USC (US) — When hospitalized for a major acute medical condition, patients are less likely to die in high-spending hospitals, according to a new study.
Regions spending more on medical care, such as Miami, don’t have better health outcomes than regions that spend relatively less, such as Minneapolis, according to the study, and less is known about how medical spending affects health at certain critical times, such as in the immediate period after a patient is admitted to the hospital with a life-threatening condition.
The study’s findings are reported in the journal the Annals of Internal Medicine.
“Our findings suggest that while regions spending more on health care generally produce no better care, specific types of medical spending, such as acute-care hospital spending, may save lives,” says John Romley, an economist at University of Southern California and an author of the study.
Researchers looked at discharge records for more than 2.5 million patients admitted to 208 California hospitals from 1999 to 2008 with one of six major medical conditions: heart attack, congestive heart failure, acute stroke, gastrointestinal hemorrhage, hip fracture, or pneumonia.
As hospital spending went up, the risk of dying in the hospital from the condition that caused hospitalization went down, according to the study.
For example, from 2004 to 2008, patients admitted for heart attack to the top-spending hospitals were 19 percent less likely to die than patients admitted to the lowest-spending hospitals.
From 1999 to 2003, patients admitted for heart attack were 9 percent less likely to die at the highest-spending hospitals than at the lowest-spending hospitals.
“Adjusted inpatient mortality was negatively associated with hospital spending for all six diagnoses, meaning those admitted to hospitals that spent the most were less likely to die in the hospital than were patients admitted to hospitals that spent the least,” says Dana Goldman, chair of medicine and public policy at USC.
The researchers accounted for patients who have additional life-threatening conditions, such as AIDS or cancer and adjusted for hospital, regional, and socio-demographic differences that might correspond to variations in health, such as median household income in patients’ neighborhoods.
The researchers estimated the number of lives that might have been saved if all patients in the sample were admitted to the highest-spending hospitals rather than to the lowest-spending hospitals, including 5,198 lives from heart attack, 11,089 lives from pneumonia and 7,467 lives from stroke.

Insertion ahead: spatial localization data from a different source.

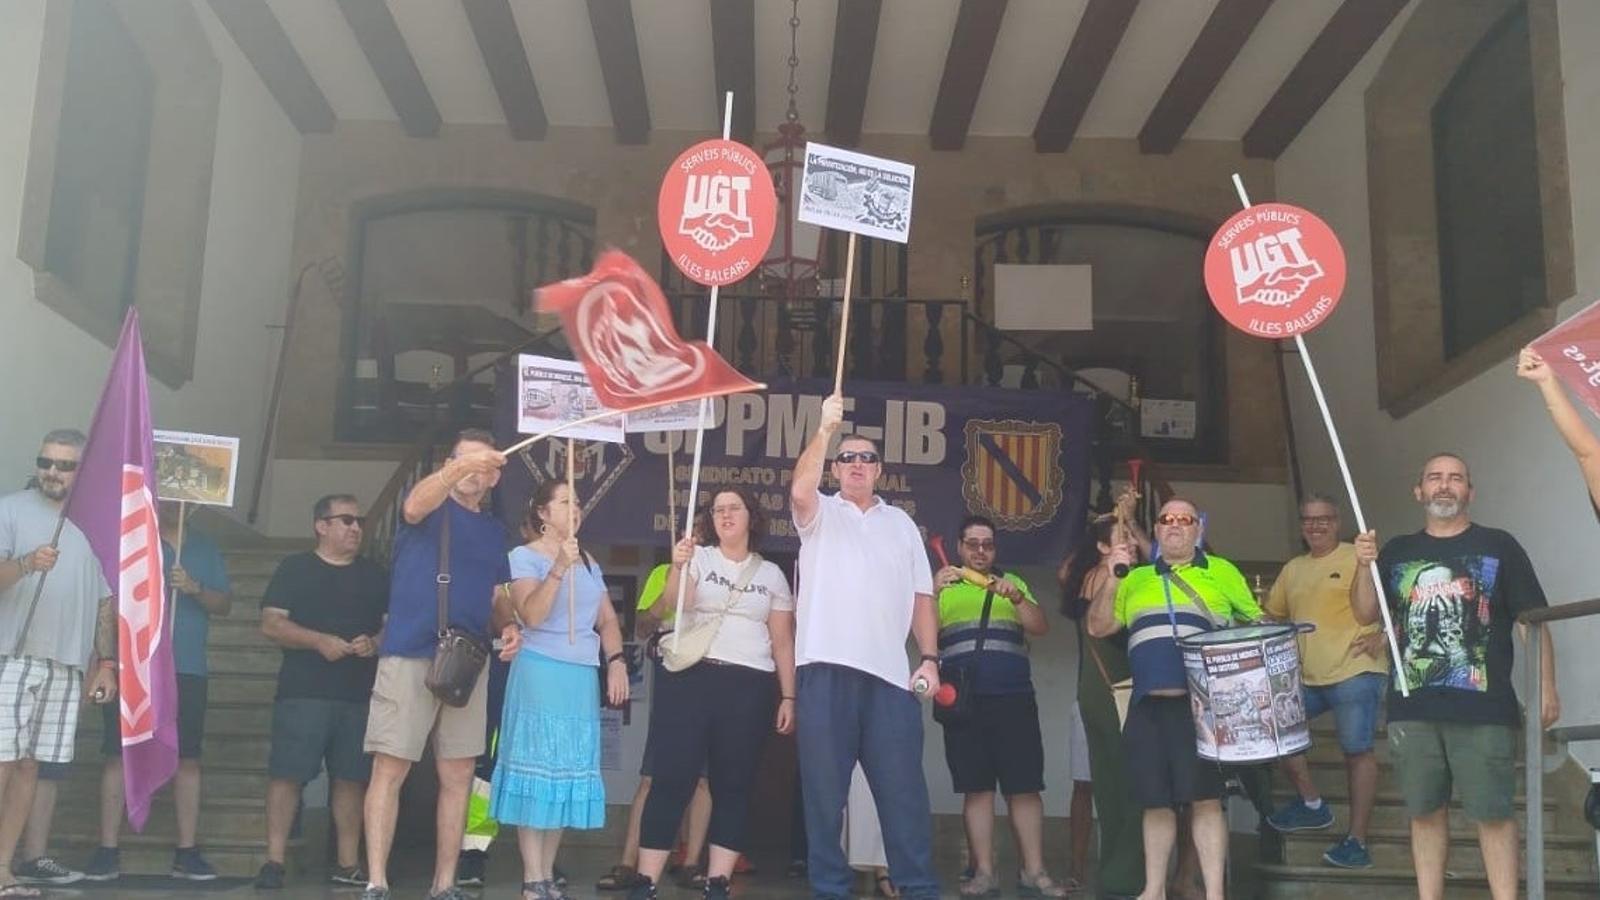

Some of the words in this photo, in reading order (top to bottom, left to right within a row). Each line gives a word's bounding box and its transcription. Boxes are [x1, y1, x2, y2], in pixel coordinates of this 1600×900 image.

[681, 149, 719, 172] SERVEIS
[721, 147, 757, 174] PÚBLICS
[683, 174, 751, 218] UGT
[1218, 215, 1255, 249] SERVEIS
[1257, 209, 1300, 225] PÚBLICS
[679, 253, 702, 279] ILLES
[704, 258, 750, 282] BALEARS
[1230, 228, 1309, 286] UGT
[1249, 318, 1282, 335] ILLES
[1285, 295, 1333, 334] BALEARS

In 2004 to 2008, the period for which the researchers had disease-specific cost data, the highest-cost hospitals spent three to five times more than the lowest-cost hospitals.
For example, the highest-spending hospitals (top one-fifth) spent an average of $21,072 on each patient who had suffered a heart attack, compared to an average of $5,168 by the lowest-spending hospitals (lowest one-fifth).

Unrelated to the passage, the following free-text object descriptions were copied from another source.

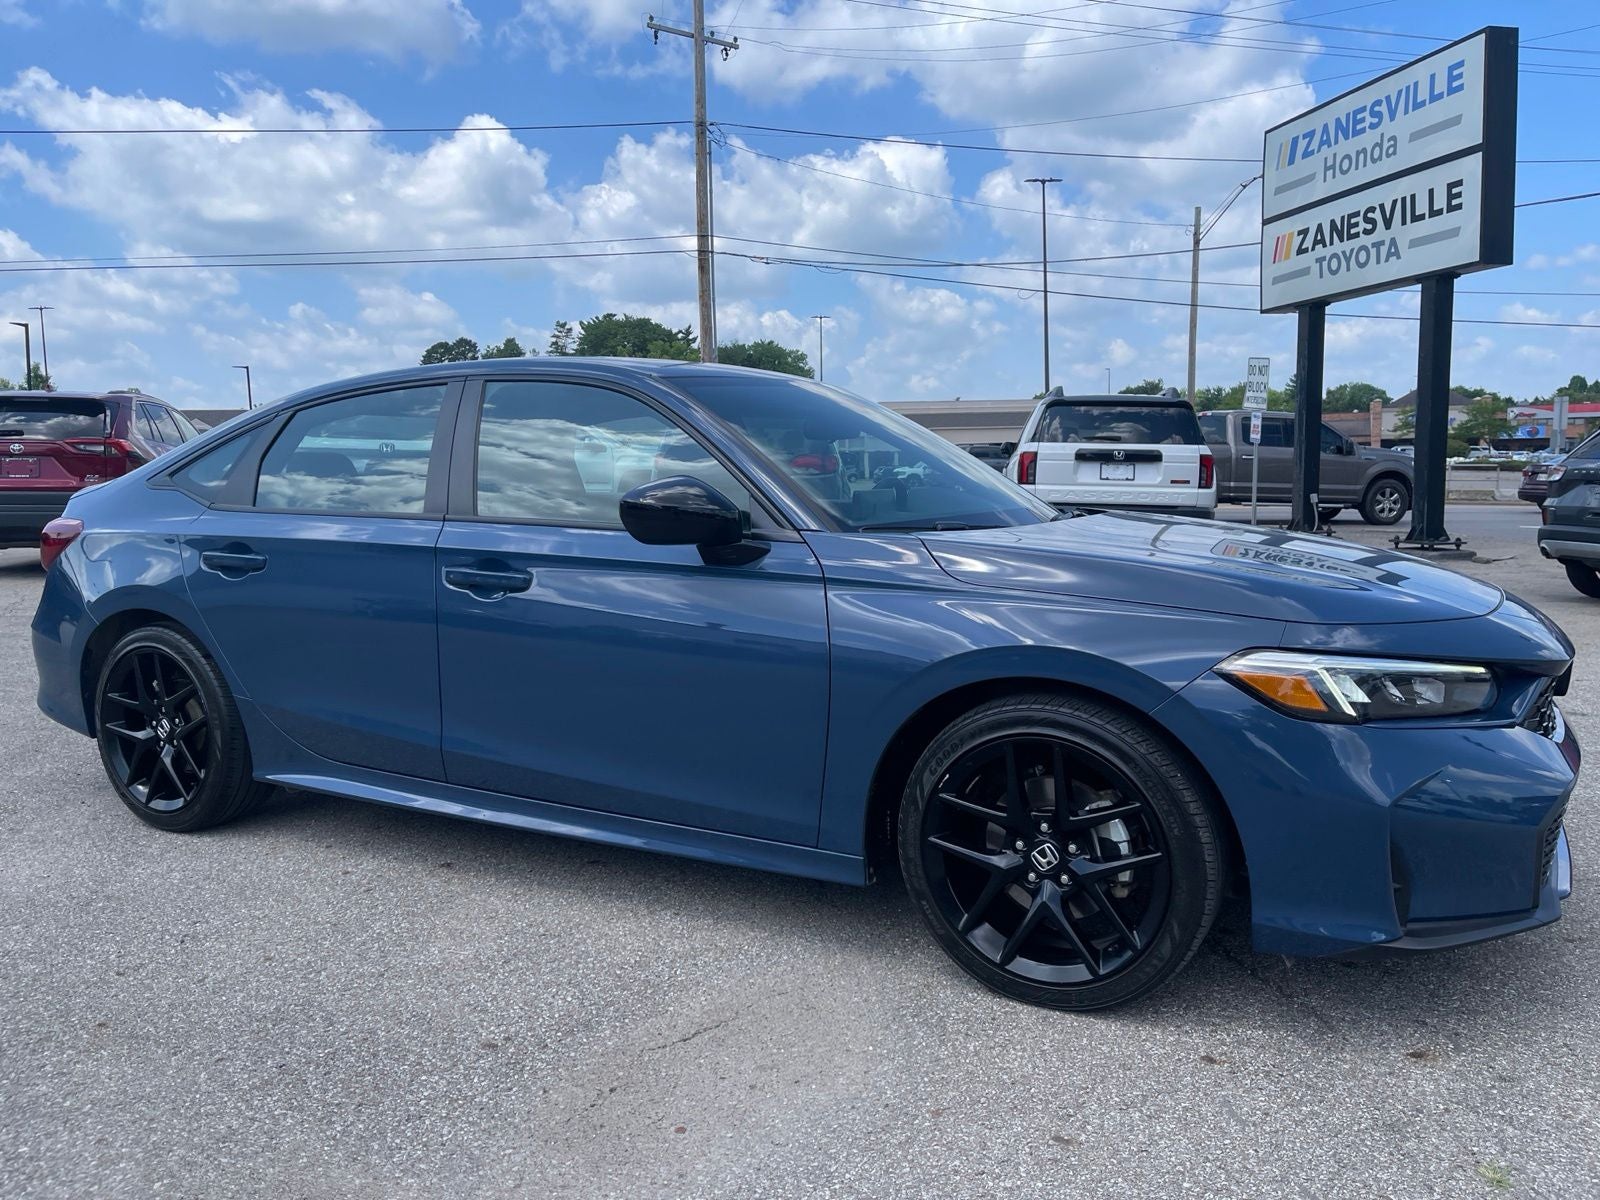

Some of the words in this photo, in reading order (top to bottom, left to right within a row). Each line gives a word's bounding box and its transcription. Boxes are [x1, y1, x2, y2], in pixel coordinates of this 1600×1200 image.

[1301, 59, 1466, 160] ZANESVILLE
[1322, 132, 1398, 183] Honda
[1295, 178, 1464, 257] ZANESVILLE
[1314, 236, 1402, 280] TOYOTA
[1248, 364, 1257, 376] DO
[1258, 365, 1269, 377] NOT
[1248, 381, 1267, 393] BLOCK
[1049, 489, 1187, 503] PASSPORT

Variations in hospital spending may be incurred by time spent in the intensive care unit, use of specialists, diagnostic tests and imaging, and medical procedures, including mechanical ventilation and dialysis.
“While our analysis demonstrates that intensive spending by hospitals is associated with lower mortality, it does not identify the specific costly interventions that high-spending hospitals undertake to achieve this mortality benefit,” Romley says. “Important questions about the efficacy and value of hospital care on post-discharge mortality remain to be answered.”
The researchers acknowledge the possibility that high-spending hospitals might have lower thresholds for hospital admission, thereby admitting healthier patients. This concern is less relevant for the most acute medical events.
Another possibility is that high-spending hospitals may spend more because the patients they admit are sicker and require more care. This would lead the authors to underestimate the effect of hospital spending on mortality.
Researchers from Harvard University contributed to the research which was funded by the National Institute on Aging, the Roybal Center for Health Policy Simulation at USC, and the Bing Center for Health Economics at RAND Corp.